_What to produce_
Return every record exactly as it appears. Leave nothing out.
Segment Open
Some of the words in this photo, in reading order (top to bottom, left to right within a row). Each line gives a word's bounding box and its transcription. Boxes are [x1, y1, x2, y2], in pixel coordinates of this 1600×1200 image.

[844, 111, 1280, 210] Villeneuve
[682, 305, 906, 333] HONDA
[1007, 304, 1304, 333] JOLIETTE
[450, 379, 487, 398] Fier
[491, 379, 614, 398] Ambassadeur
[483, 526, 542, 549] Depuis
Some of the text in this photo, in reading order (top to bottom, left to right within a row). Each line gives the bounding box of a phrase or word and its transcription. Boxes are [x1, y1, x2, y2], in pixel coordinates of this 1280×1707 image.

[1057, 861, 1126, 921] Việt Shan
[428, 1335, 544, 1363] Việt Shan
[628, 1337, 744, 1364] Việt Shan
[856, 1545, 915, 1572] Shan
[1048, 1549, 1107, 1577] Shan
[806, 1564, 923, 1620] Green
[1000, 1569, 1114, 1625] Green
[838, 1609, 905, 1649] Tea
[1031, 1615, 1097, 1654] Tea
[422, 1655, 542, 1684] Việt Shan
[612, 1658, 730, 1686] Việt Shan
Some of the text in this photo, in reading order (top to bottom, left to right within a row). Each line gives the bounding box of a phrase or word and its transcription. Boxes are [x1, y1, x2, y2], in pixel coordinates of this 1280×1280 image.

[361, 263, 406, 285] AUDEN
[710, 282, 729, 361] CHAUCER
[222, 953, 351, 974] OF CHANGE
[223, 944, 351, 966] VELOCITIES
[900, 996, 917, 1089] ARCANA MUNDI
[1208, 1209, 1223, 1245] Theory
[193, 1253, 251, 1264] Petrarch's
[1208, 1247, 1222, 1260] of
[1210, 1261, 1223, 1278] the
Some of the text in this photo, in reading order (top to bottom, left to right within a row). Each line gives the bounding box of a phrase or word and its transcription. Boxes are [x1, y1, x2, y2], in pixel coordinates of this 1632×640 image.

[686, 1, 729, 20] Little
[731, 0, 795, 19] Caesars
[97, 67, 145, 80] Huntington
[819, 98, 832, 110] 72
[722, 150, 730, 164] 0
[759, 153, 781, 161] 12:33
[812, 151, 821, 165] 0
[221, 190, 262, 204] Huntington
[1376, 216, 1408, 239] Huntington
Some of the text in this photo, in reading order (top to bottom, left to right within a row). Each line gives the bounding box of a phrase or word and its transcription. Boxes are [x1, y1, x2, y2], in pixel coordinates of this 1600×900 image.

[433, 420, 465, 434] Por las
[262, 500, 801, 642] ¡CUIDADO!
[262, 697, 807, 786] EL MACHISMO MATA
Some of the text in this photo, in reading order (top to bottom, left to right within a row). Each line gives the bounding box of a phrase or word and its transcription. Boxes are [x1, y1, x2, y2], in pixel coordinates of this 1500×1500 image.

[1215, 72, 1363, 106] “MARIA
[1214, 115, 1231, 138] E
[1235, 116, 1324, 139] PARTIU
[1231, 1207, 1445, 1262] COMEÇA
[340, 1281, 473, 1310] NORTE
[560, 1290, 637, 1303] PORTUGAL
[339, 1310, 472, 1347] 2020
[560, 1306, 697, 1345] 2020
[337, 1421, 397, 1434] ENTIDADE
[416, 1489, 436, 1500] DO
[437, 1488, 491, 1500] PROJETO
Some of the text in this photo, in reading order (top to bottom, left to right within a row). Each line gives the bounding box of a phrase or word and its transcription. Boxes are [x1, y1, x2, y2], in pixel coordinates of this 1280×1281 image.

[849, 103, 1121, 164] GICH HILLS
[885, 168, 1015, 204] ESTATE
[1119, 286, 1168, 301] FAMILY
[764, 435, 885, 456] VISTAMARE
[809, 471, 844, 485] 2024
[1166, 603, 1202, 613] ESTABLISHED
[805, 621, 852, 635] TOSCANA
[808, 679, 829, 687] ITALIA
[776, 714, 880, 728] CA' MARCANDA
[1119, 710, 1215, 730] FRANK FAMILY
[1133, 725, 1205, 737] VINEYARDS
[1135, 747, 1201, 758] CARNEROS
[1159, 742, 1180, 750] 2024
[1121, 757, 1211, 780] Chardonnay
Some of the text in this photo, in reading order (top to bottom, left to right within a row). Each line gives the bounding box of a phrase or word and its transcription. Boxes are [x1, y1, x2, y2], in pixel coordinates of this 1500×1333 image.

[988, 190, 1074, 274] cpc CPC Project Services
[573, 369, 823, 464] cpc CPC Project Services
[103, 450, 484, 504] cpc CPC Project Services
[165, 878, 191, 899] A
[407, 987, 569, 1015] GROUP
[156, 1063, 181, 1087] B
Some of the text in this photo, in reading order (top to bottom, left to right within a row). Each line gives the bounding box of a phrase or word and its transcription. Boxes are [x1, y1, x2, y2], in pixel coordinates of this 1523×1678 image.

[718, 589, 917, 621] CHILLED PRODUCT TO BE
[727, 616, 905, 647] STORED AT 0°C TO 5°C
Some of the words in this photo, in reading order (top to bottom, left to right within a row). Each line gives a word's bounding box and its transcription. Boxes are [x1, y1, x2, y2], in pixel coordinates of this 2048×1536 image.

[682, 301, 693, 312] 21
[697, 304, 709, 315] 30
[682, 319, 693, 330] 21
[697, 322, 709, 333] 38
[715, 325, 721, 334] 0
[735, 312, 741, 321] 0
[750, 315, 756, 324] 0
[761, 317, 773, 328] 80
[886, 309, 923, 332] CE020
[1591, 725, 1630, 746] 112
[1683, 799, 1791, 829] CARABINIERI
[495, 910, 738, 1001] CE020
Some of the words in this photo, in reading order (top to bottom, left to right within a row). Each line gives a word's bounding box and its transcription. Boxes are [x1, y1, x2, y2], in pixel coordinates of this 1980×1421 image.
Segment Closed
_Answer to this exercise_
Some of the words in this photo, in reading order (top to bottom, left to right within a row). Each line gives a word's bounding box and its transcription. Boxes are [x1, y1, x2, y2], in pixel coordinates of this 1600×1200 image.

[844, 111, 1280, 210] Villeneuve
[682, 305, 906, 333] HONDA
[1007, 304, 1304, 333] JOLIETTE
[450, 379, 487, 398] Fier
[491, 379, 614, 398] Ambassadeur
[483, 526, 542, 549] Depuis
Some of the text in this photo, in reading order (top to bottom, left to right within a row). Each line gives the bounding box of a phrase or word and its transcription. Boxes are [x1, y1, x2, y2], in pixel coordinates of this 1280×1707 image.

[1057, 861, 1126, 921] Việt Shan
[428, 1335, 544, 1363] Việt Shan
[628, 1337, 744, 1364] Việt Shan
[856, 1545, 915, 1572] Shan
[1048, 1549, 1107, 1577] Shan
[806, 1564, 923, 1620] Green
[1000, 1569, 1114, 1625] Green
[838, 1609, 905, 1649] Tea
[1031, 1615, 1097, 1654] Tea
[422, 1655, 542, 1684] Việt Shan
[612, 1658, 730, 1686] Việt Shan
Some of the text in this photo, in reading order (top to bottom, left to right within a row). Each line gives the bounding box of a phrase or word and its transcription. Boxes are [x1, y1, x2, y2], in pixel coordinates of this 1280×1280 image.

[361, 263, 406, 285] AUDEN
[710, 282, 729, 361] CHAUCER
[222, 953, 351, 974] OF CHANGE
[223, 944, 351, 966] VELOCITIES
[900, 996, 917, 1089] ARCANA MUNDI
[1208, 1209, 1223, 1245] Theory
[193, 1253, 251, 1264] Petrarch's
[1208, 1247, 1222, 1260] of
[1210, 1261, 1223, 1278] the
Some of the text in this photo, in reading order (top to bottom, left to right within a row). Each line gives the bounding box of a phrase or word and its transcription. Boxes are [x1, y1, x2, y2], in pixel coordinates of this 1632×640 image.

[686, 1, 729, 20] Little
[731, 0, 795, 19] Caesars
[97, 67, 145, 80] Huntington
[819, 98, 832, 110] 72
[722, 150, 730, 164] 0
[759, 153, 781, 161] 12:33
[812, 151, 821, 165] 0
[221, 190, 262, 204] Huntington
[1376, 216, 1408, 239] Huntington
Some of the text in this photo, in reading order (top to bottom, left to right within a row). Each line gives the bounding box of a phrase or word and its transcription. Boxes are [x1, y1, x2, y2], in pixel coordinates of this 1600×900 image.

[433, 420, 465, 434] Por las
[262, 500, 801, 642] ¡CUIDADO!
[262, 697, 807, 786] EL MACHISMO MATA
Some of the text in this photo, in reading order (top to bottom, left to right within a row). Each line gives the bounding box of a phrase or word and its transcription. Boxes are [x1, y1, x2, y2], in pixel coordinates of this 1500×1500 image.

[1215, 72, 1363, 106] “MARIA
[1214, 115, 1231, 138] E
[1235, 116, 1324, 139] PARTIU
[1231, 1207, 1445, 1262] COMEÇA
[340, 1281, 473, 1310] NORTE
[560, 1290, 637, 1303] PORTUGAL
[339, 1310, 472, 1347] 2020
[560, 1306, 697, 1345] 2020
[337, 1421, 397, 1434] ENTIDADE
[416, 1489, 436, 1500] DO
[437, 1488, 491, 1500] PROJETO
Some of the text in this photo, in reading order (top to bottom, left to right within a row). Each line gives the bounding box of a phrase or word and its transcription. Boxes are [x1, y1, x2, y2], in pixel coordinates of this 1280×1281 image.

[849, 103, 1121, 164] GICH HILLS
[885, 168, 1015, 204] ESTATE
[1119, 286, 1168, 301] FAMILY
[764, 435, 885, 456] VISTAMARE
[809, 471, 844, 485] 2024
[1166, 603, 1202, 613] ESTABLISHED
[805, 621, 852, 635] TOSCANA
[808, 679, 829, 687] ITALIA
[776, 714, 880, 728] CA' MARCANDA
[1119, 710, 1215, 730] FRANK FAMILY
[1133, 725, 1205, 737] VINEYARDS
[1135, 747, 1201, 758] CARNEROS
[1159, 742, 1180, 750] 2024
[1121, 757, 1211, 780] Chardonnay
Some of the text in this photo, in reading order (top to bottom, left to right within a row). Each line gives the bounding box of a phrase or word and its transcription. Boxes are [x1, y1, x2, y2], in pixel coordinates of this 1500×1333 image.

[988, 190, 1074, 274] cpc CPC Project Services
[573, 369, 823, 464] cpc CPC Project Services
[103, 450, 484, 504] cpc CPC Project Services
[165, 878, 191, 899] A
[407, 987, 569, 1015] GROUP
[156, 1063, 181, 1087] B
Some of the text in this photo, in reading order (top to bottom, left to right within a row). Each line gives the bounding box of a phrase or word and its transcription. Boxes are [x1, y1, x2, y2], in pixel coordinates of this 1523×1678 image.

[718, 589, 917, 621] CHILLED PRODUCT TO BE
[727, 616, 905, 647] STORED AT 0°C TO 5°C
Some of the words in this photo, in reading order (top to bottom, left to right within a row). Each line gives a word's bounding box and its transcription. Boxes are [x1, y1, x2, y2], in pixel coordinates of this 2048×1536 image.

[682, 301, 693, 312] 21
[697, 304, 709, 315] 30
[682, 319, 693, 330] 21
[697, 322, 709, 333] 38
[715, 325, 721, 334] 0
[735, 312, 741, 321] 0
[750, 315, 756, 324] 0
[761, 317, 773, 328] 80
[886, 309, 923, 332] CE020
[1591, 725, 1630, 746] 112
[1683, 799, 1791, 829] CARABINIERI
[495, 910, 738, 1001] CE020
Some of the words in this photo, in reading order (top to bottom, left to right within a row). Each line gives a word's bounding box and its transcription. Boxes are [x1, y1, x2, y2], in pixel coordinates of this 1980×1421 image.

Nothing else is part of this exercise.